Last updated on August 3rd, 2018 at 08:58 pm
Moisturizers contain varying proportions of oil, water, herbs, and other natural ingredients. They are used to lubricate, nourish, soothe, protect, and hydrate the skin.
Moisturizers should leave the skin feeling supple, soft, and nourished, not clogged or greasy. Be sure to choose a Moisturizer that is appropriate for your skin type and condition. Overly dry skin may not only be unattractive, but also uncomfortable. Dry skin looks and feels rougher and older than oily or normal skin.
Dry skin is especially noticeable in the winter because the air is colder and less humid. Moreover, when you’re inside the house in wintertime and the heat is on, your skin becomes drier.
Why we need Moisturizers?
The face has a large number of oil glands that keep our faces moisturized, but oil gland production often decreases as we get older, and occasionally even the face can become as dry as the skin on the rest of the body.

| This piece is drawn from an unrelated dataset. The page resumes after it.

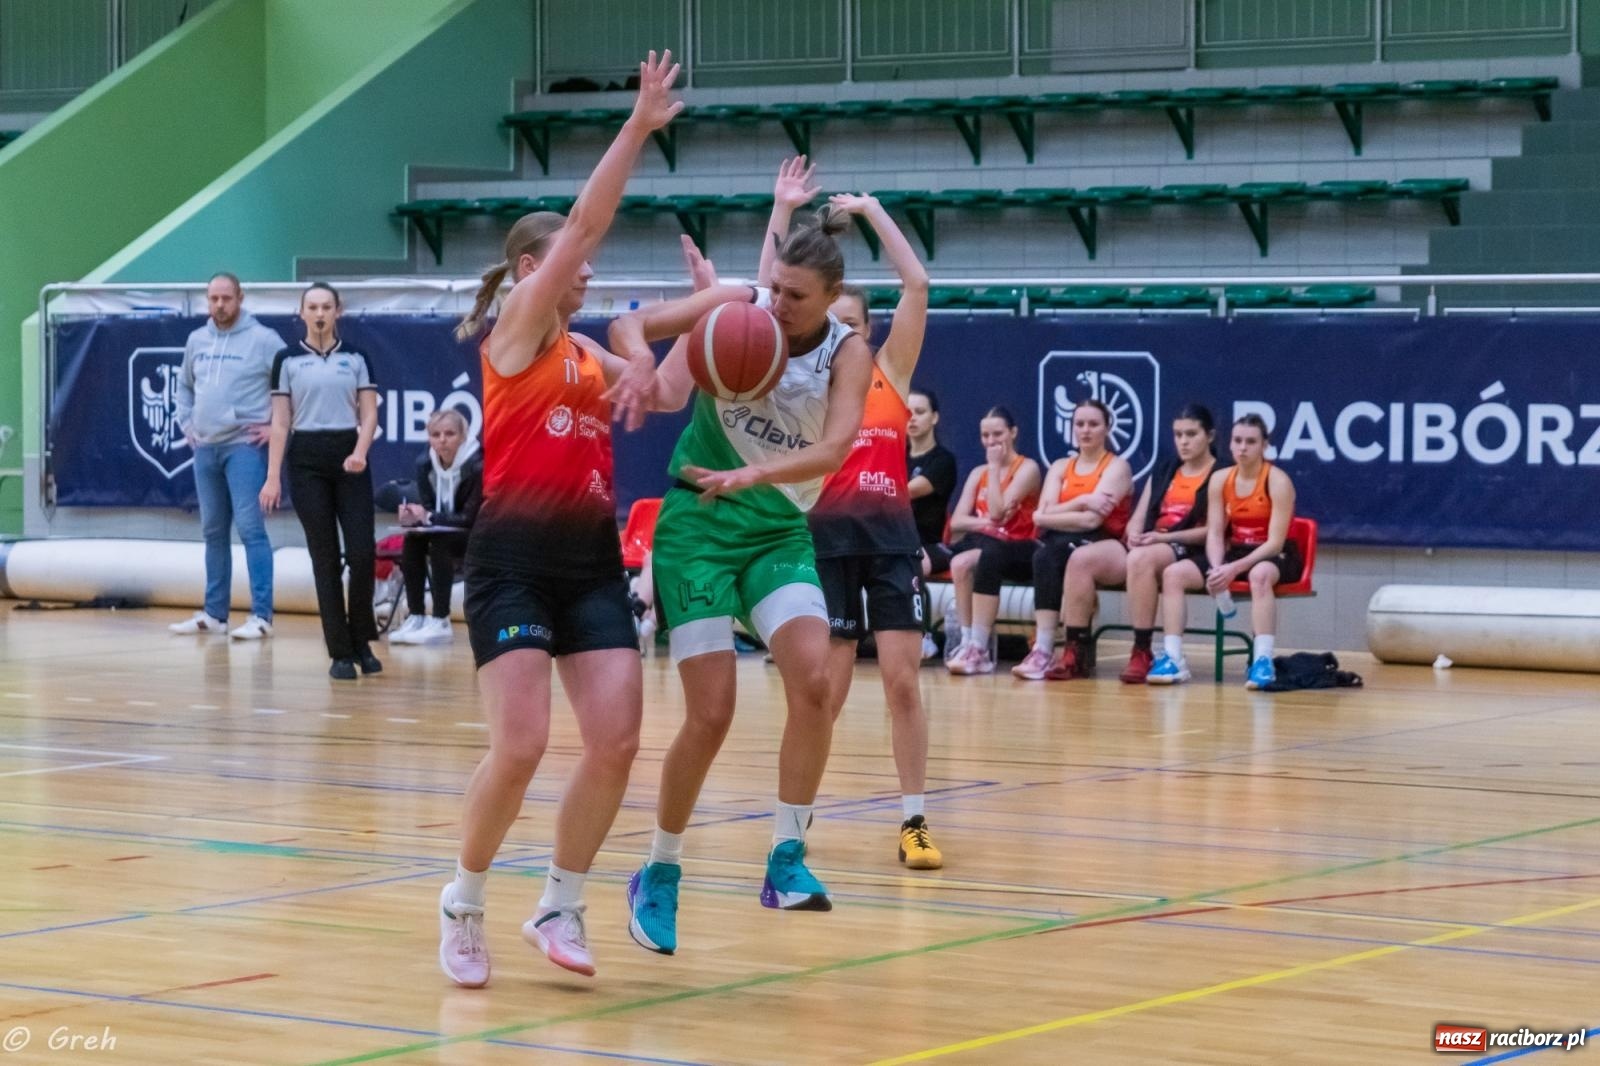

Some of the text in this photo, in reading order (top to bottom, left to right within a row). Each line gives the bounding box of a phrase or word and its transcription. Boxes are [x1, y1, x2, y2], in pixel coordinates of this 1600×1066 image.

The solution is constant use of moisturizers sold at salons, spas, department stores, and pharmacies. The type you choose depends on how dry your skin really is. For example, you probably want to use a lighter moisturizer on your face than on the rest of your body. Many people use a light moisturizing lotion on their bodies during the summer and a heavier one during winter.
Different types of Moisturizers
Lighter moisturizers are called lotions; they contain a high content of water (look at the first ingredient on the label), so they evaporate quickly and soon leave the skin feeling dry. Heavier moisturizers contain more petrolatums and less water. In fact, one of the heaviest moisturizers is pure petroleum jelly. Because it does not evaporate quickly it protects the skin from drying out for a very long time.
Most people do not need something as thick as petroleum jelly, so moisturizing preparations often combine petrolatum and water in close to equal amounts. These moisturizing compounds are called creams. Moisturizing creams can also contain an additional ingredient, referred to as a humectant [hue-mek-tant].
Humectants help bring moisture from below the skin up to the skin’s surface where it is needed. One common humectant is glycerin. A good moisturizing cream contains a humectant to bring moisture up to the skin and a petrolatum mix just thick enough to trap that moisture. A dermatologist can help determine which moisturizer best fits your skin type.